• Try it
The entries below need to be written out exactly, with no pictures included.

(Records drawn from a dataset)
※

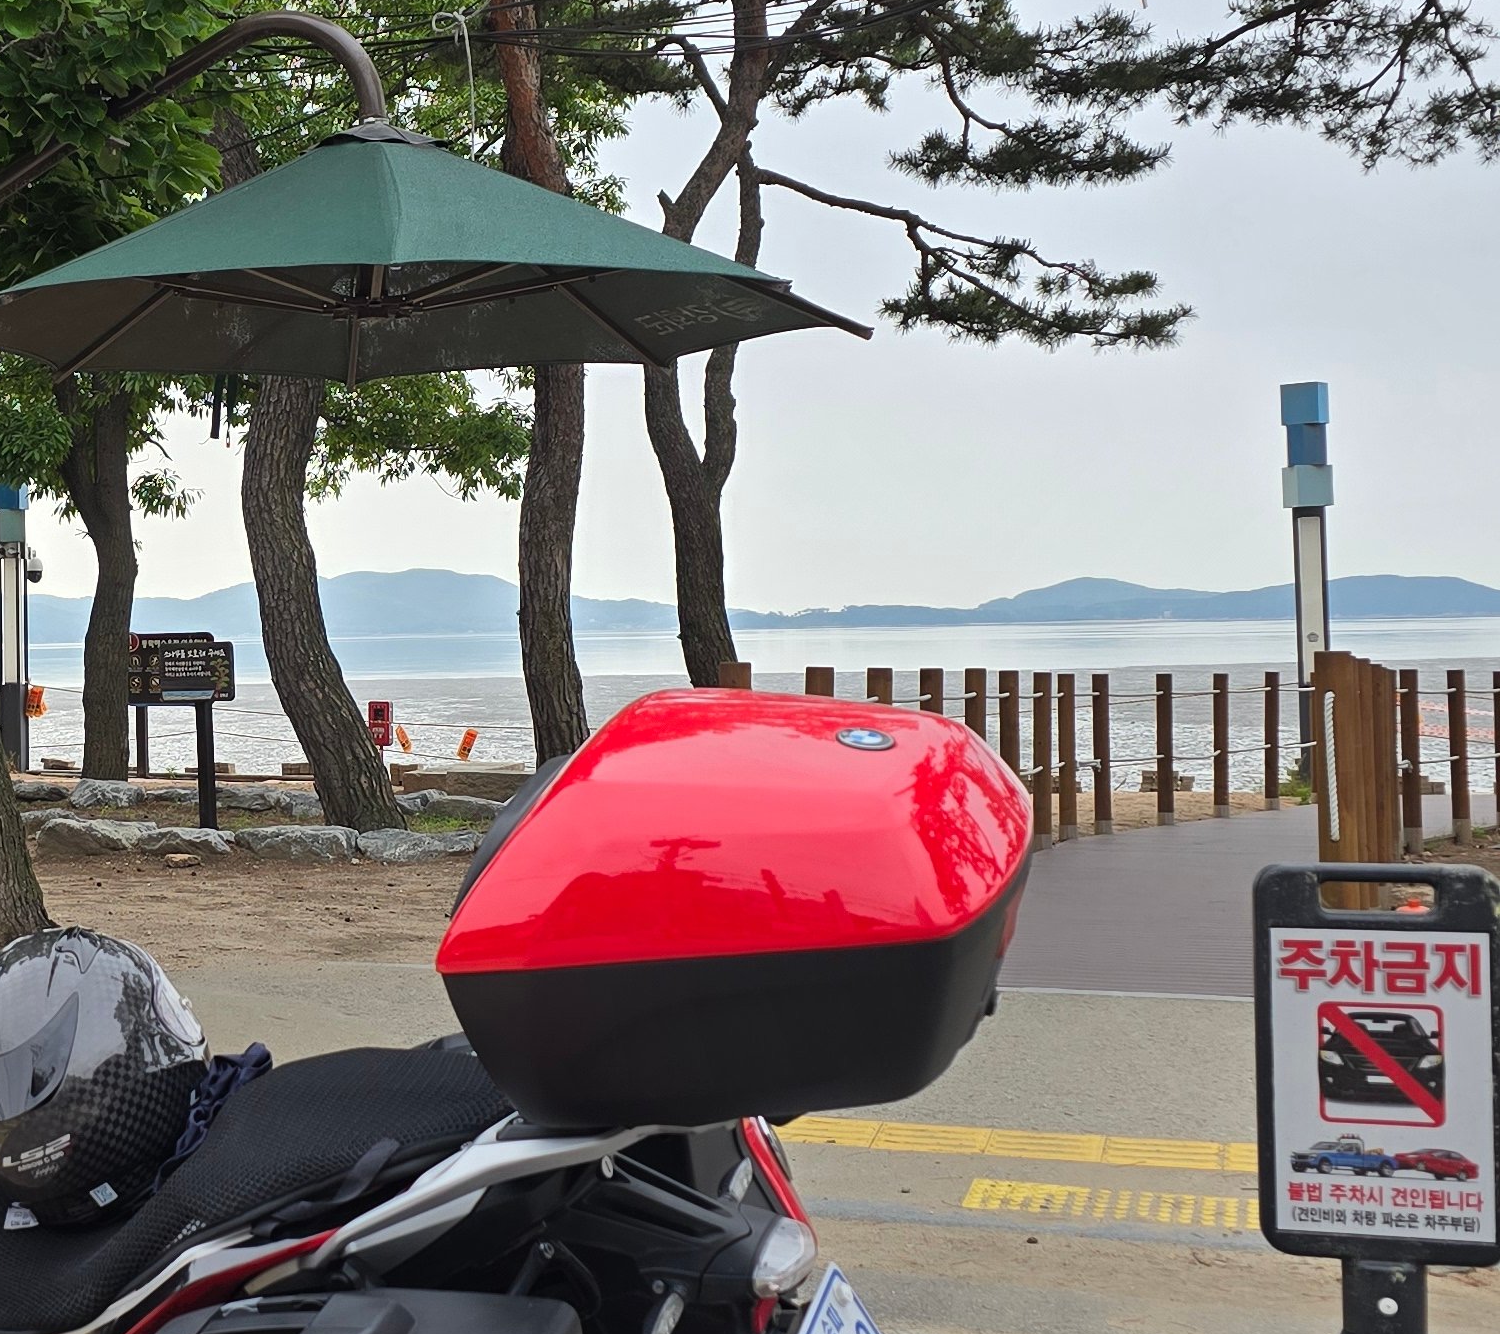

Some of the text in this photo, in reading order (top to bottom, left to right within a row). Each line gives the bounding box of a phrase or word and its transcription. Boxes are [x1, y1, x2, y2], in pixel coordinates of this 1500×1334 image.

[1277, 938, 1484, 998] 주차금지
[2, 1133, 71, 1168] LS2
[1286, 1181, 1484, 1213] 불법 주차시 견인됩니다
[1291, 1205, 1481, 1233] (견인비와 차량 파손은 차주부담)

※

• Result of this task
Some of the text in this photo, in reading order (top to bottom, left to right within a row). Each line gives the bounding box of a phrase or word and its transcription. Boxes are [x1, y1, x2, y2], in pixel coordinates of this 1500×1334 image.

[1277, 938, 1484, 998] 주차금지
[2, 1133, 71, 1168] LS2
[1286, 1181, 1484, 1213] 불법 주차시 견인됩니다
[1291, 1205, 1481, 1233] (견인비와 차량 파손은 차주부담)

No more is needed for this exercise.